Low Adenovirus Vaccine Doses Administered to Skin Using Microneedle Patches Induce Better Functional Antibody Immunogenicity as Compared to Systemic Injection.
Flynn O., Dillane K., Lanza JS., Marshall JM., Jin J., Silk SE., Draper SJ., Moore AC.
Adenovirus-based vaccines are demonstrating promising clinical potential for multiple infectious diseases, including COVID-19. However, the immunogenicity of the vector itself decreases its effectiveness as a boosting vaccine due to the induction of strong anti-vector neutralizing immunity. Here we determined how dissolvable microneedle patches (DMN) for skin immunization can overcome this issue, using a clinically-relevant adenovirus-based Plasmodium falciparum malaria vaccine, AdHu5-PfRH5, in mice. Incorporation of vaccine into patches significantly enhanced its thermostability compared to the liquid form. Conventional high dose repeated immunization by the intramuscular (IM) route induced low antigen-specific IgG titres and high anti-vector immunity. A low priming dose of vaccine, by the IM route, but more so using DMN patches, induced the most efficacious immune responses, assessed by parasite growth inhibitory activity (GIA) assays.
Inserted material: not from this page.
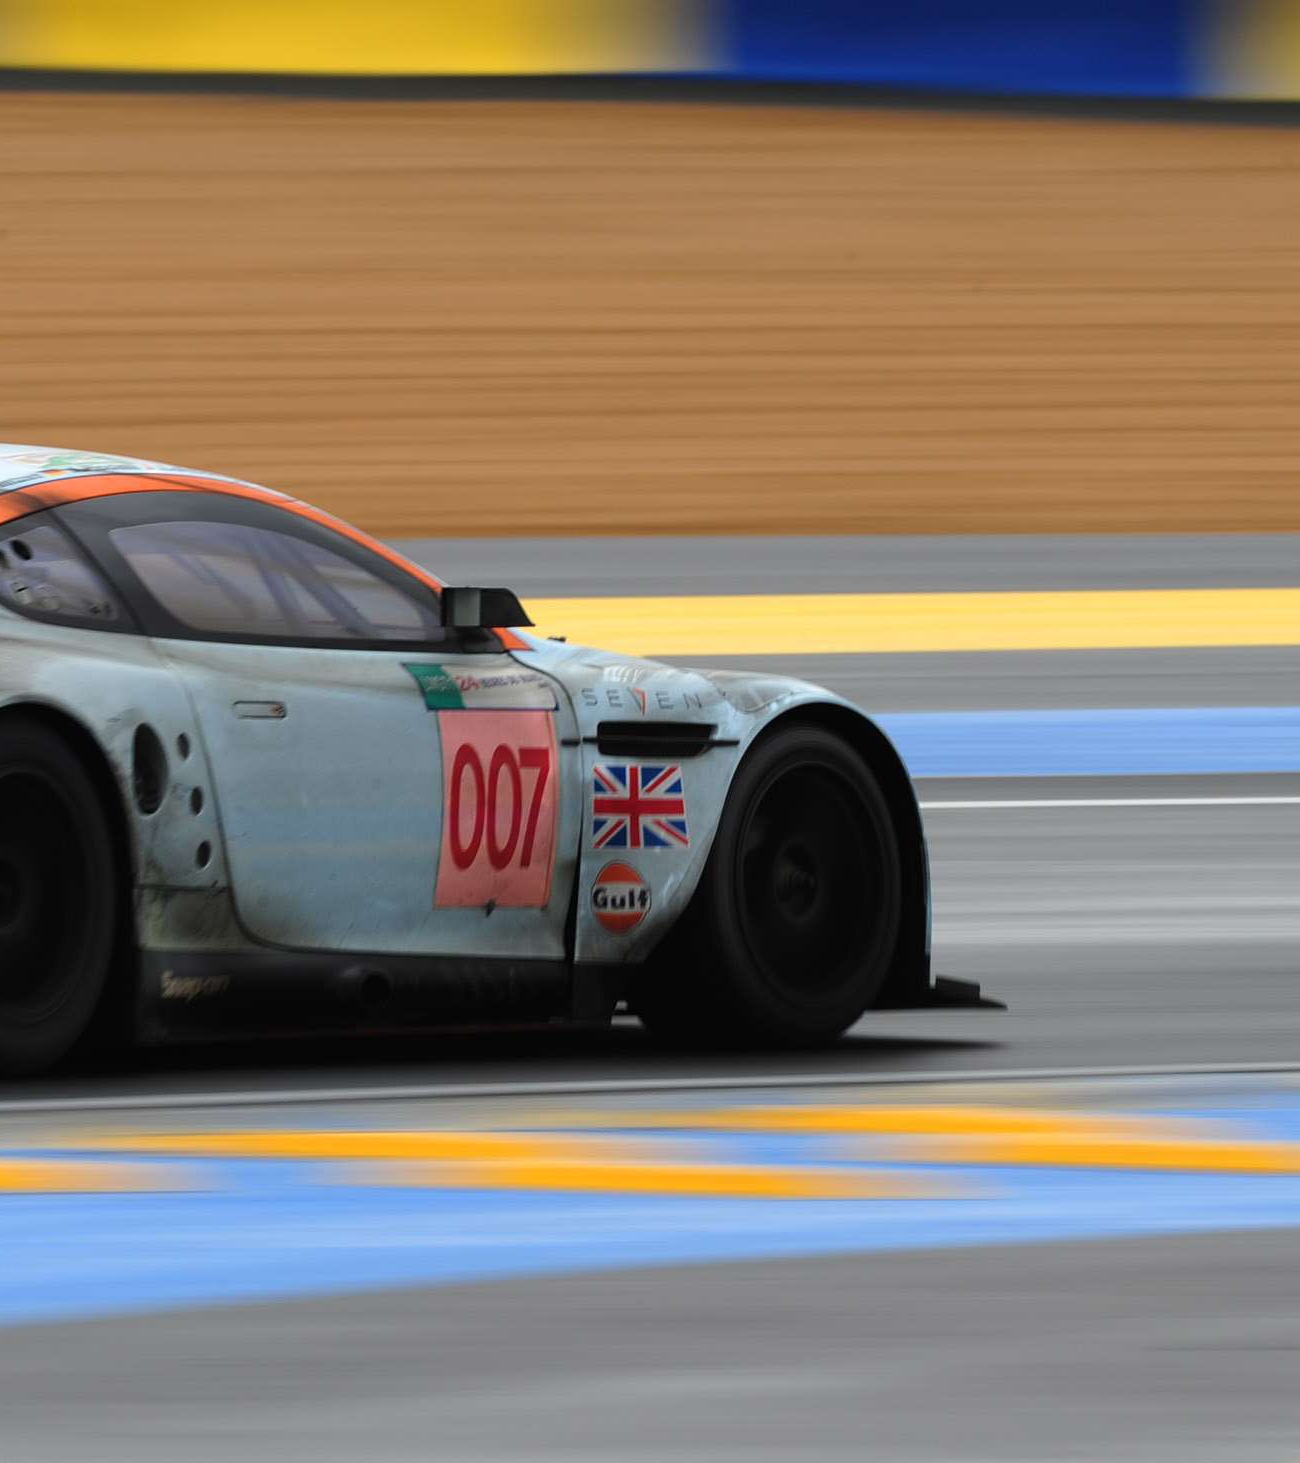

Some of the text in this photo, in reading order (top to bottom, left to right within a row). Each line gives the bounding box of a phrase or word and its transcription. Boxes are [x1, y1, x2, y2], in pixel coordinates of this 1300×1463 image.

[580, 686, 703, 718] SEVEN
[449, 742, 551, 870] 007
[592, 887, 651, 910] Gulf
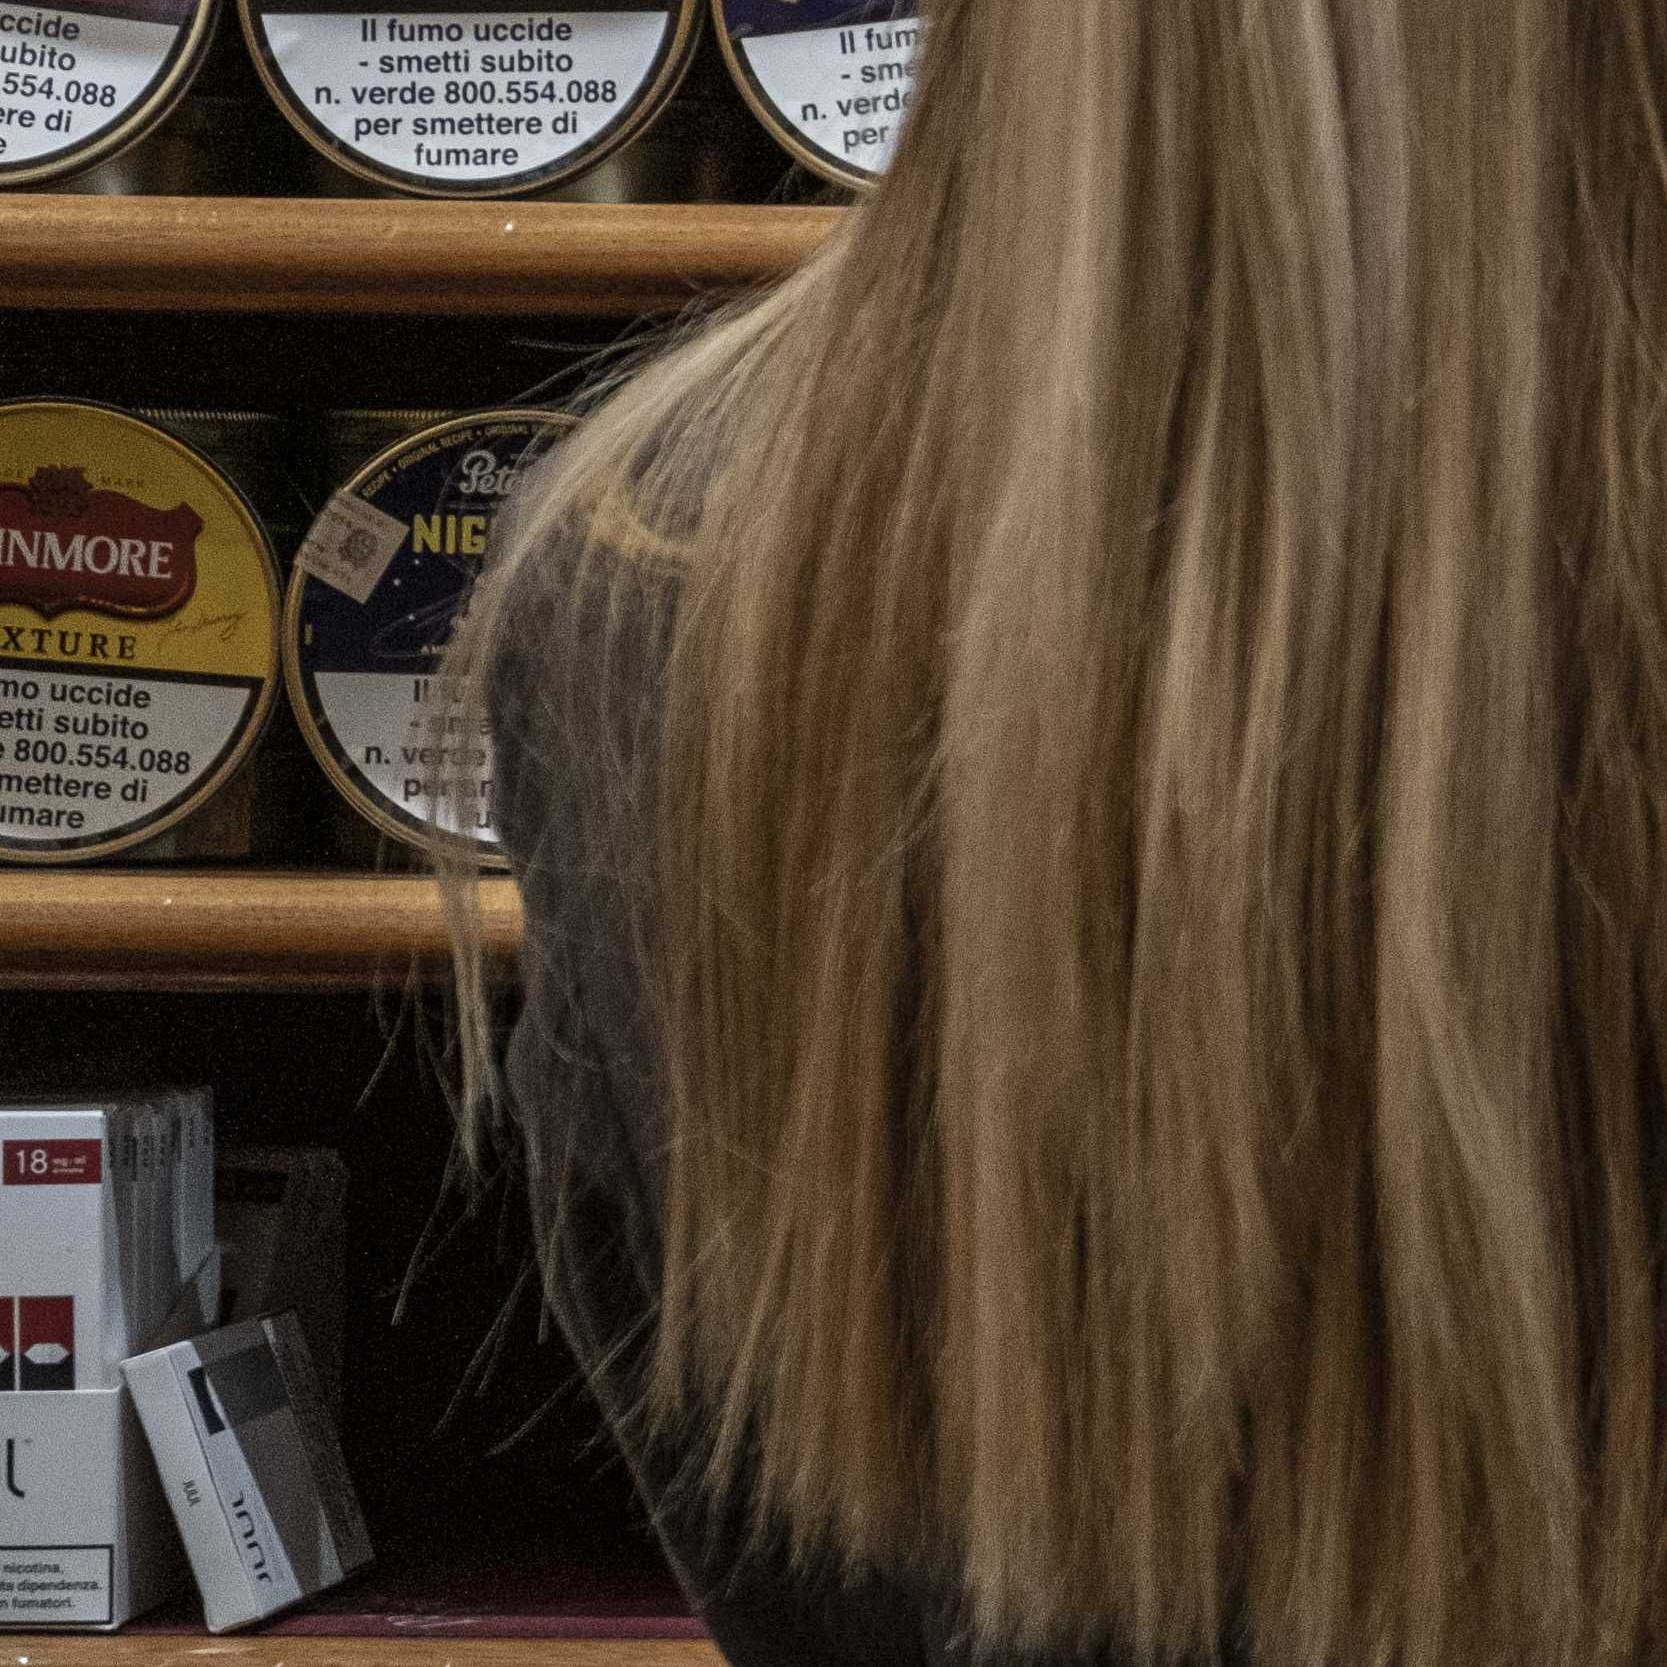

Administration of low dose AdHu5-PfRH5 using patches to the skin, boosted by high dose IM, induced the highest antigen-specific serum IgG response after boosting, the greatest skewing of the antibody response towards the antigen and away from the vector, and the highest efficacy. This study therefore demonstrates that repeated use of the same adenovirus vaccine can be highly immunogenic towards the transgene if a low dose is used to prime the response. It also provides a method of stabilizing adenovirus vaccine, in easy-to-administer dissolvable microneedle patches, permitting storage and distribution out of cold chain.